Time to cool offThe government is poised to take action to rein in soaring real estate prices in the Gangnam area. Pointing at a sharp rise in the value of apartments earmarked for redevelopment in the posh districts, the Ministry of Land, Infrastructure and Transport is considering the idea of restricting the handover of apartment ownership before actually taking residence and improving apartment application systems.
Market watchers cautiously interpret the move as a signal that the Park Geun-hye administration is changing its real estate policies from deregulating the market to boost our sagging economy to controlling the overheated market after seeing unwanted side effects such as snowballing household debt and the polarization of our property market.

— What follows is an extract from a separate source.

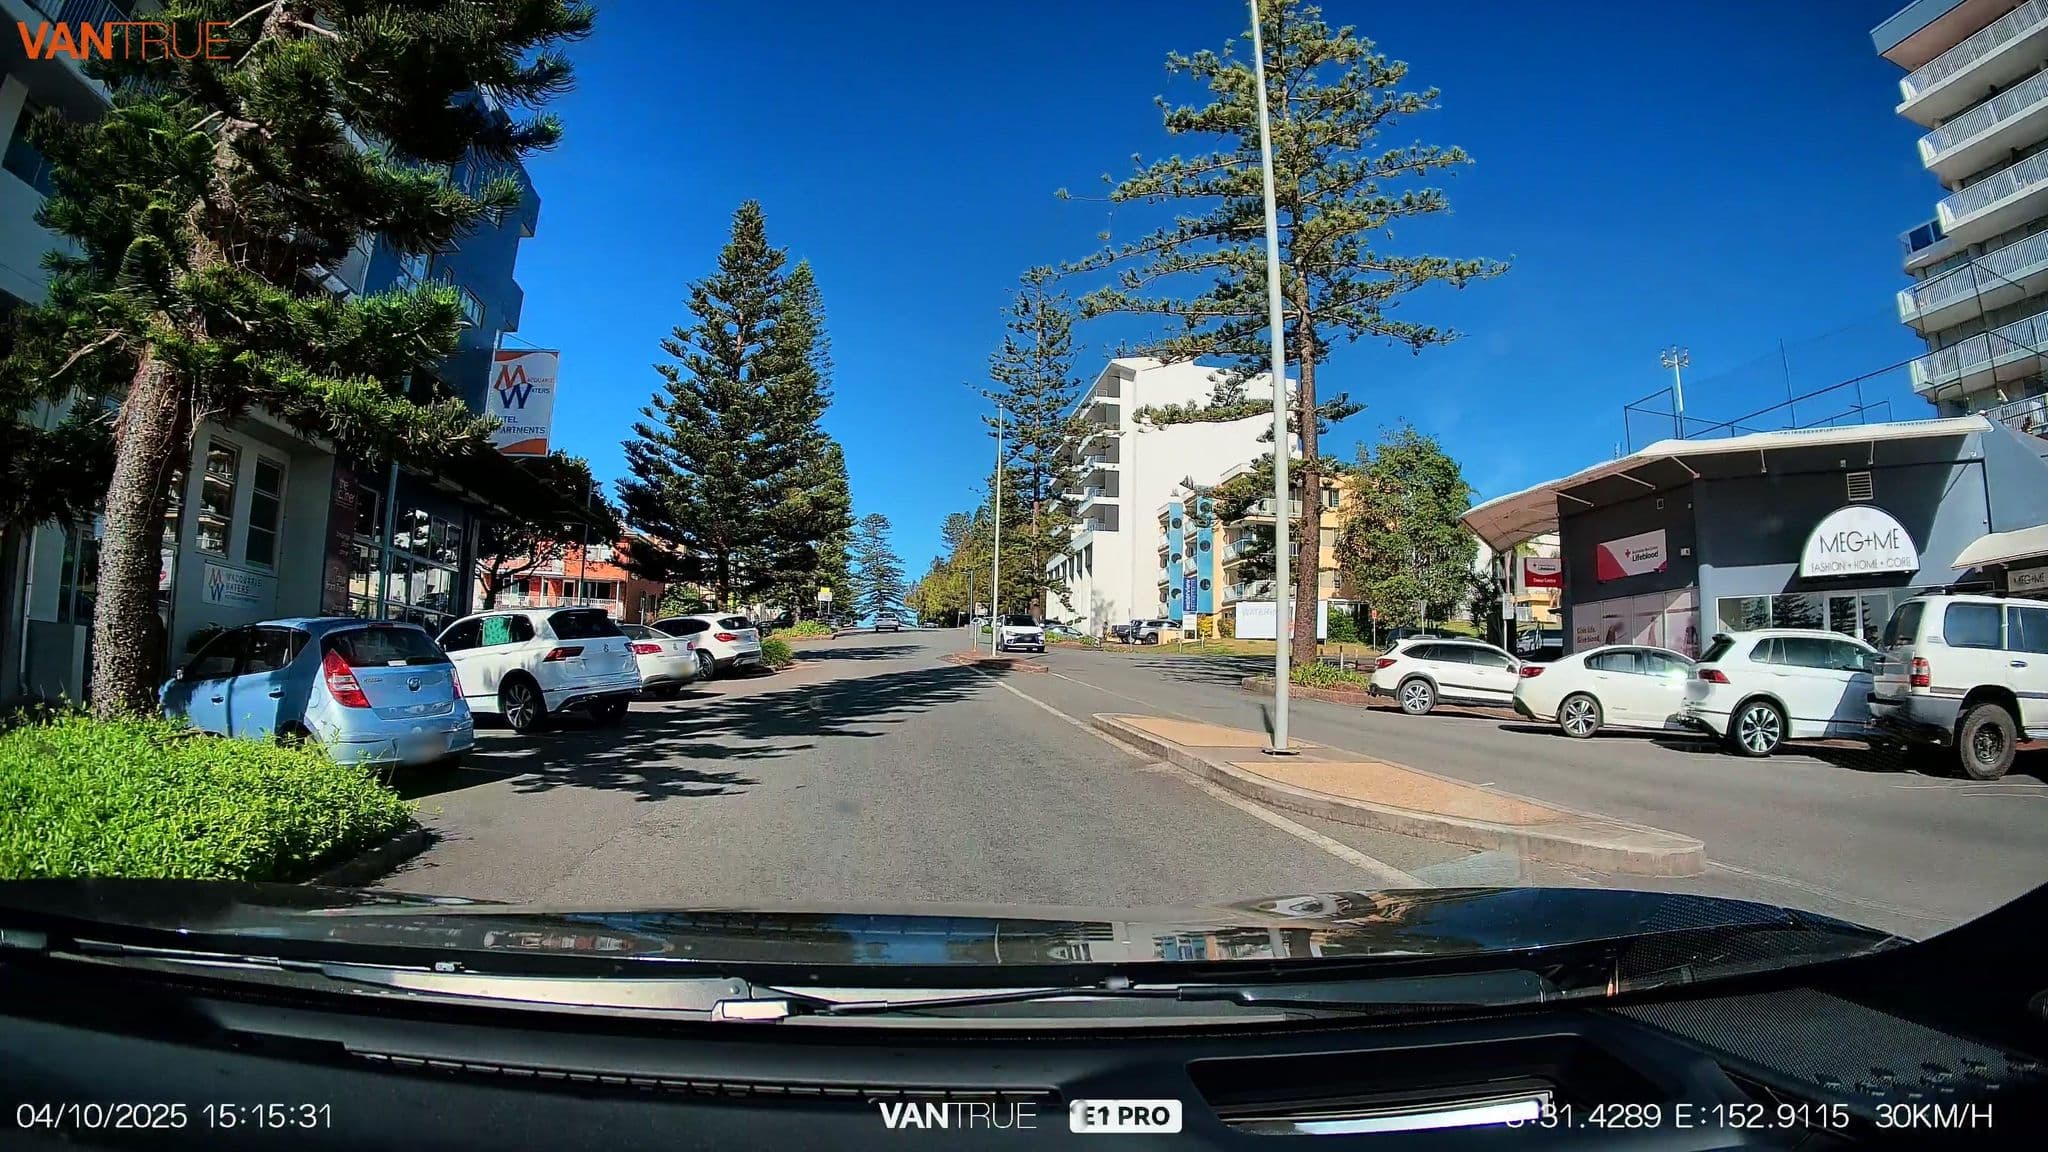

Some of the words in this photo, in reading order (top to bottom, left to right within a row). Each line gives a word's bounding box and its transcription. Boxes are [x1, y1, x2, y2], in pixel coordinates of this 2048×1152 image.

Nevertheless, the government is not likely to change its course overnight, as seen in the ministry’s emphasis on gradual and limited change. The ministry is considering the idea of extending the period for apartment ownership handovers from the current six months to one year and reintroducing previous restrictions on reapplications for new apartments. The government believes it is too early to designate the three districts in question — Gangnam, Seocho and Songpa — as speculative areas. If a certain area is named a speculative area, buyers can hardly expect a windfall from selling their apartment ownership due to a number of restrictions. An official from the ministry said it will come up with additional measures if the market continues to be overheated, while stressing the need to apply narrow-focused prescriptions at the moment.
We understand the government’s dilemma given the wide divide in our real estate market. Despite the rush to invest in Seoul, other regions are nearly frozen. While a 3.3 square meter unit space of an apartment for redevelopment in Gangnam District costs 40 million won ($35,000) on average, applicants can hardly be found in small cities across the country. Strong measures to cool the superheated market in Seoul could lead to a freeze in our overall property market.
What we need is simple, clear and drastic solutions. After declaring an end to existing real estate policies, the government must tell the market that its policy paradigm has shifted from easing regulations to controlling demand, and from eased mortgages to tightening up. The government must restore earlier restrictions based on loan-to-value and debt-to-income ratios. The polarization of our property market and the massive household debt amounting to over 1,257 trillion won are more dangerous than a hard-landing of the market. If the government fails, the social divide may explode.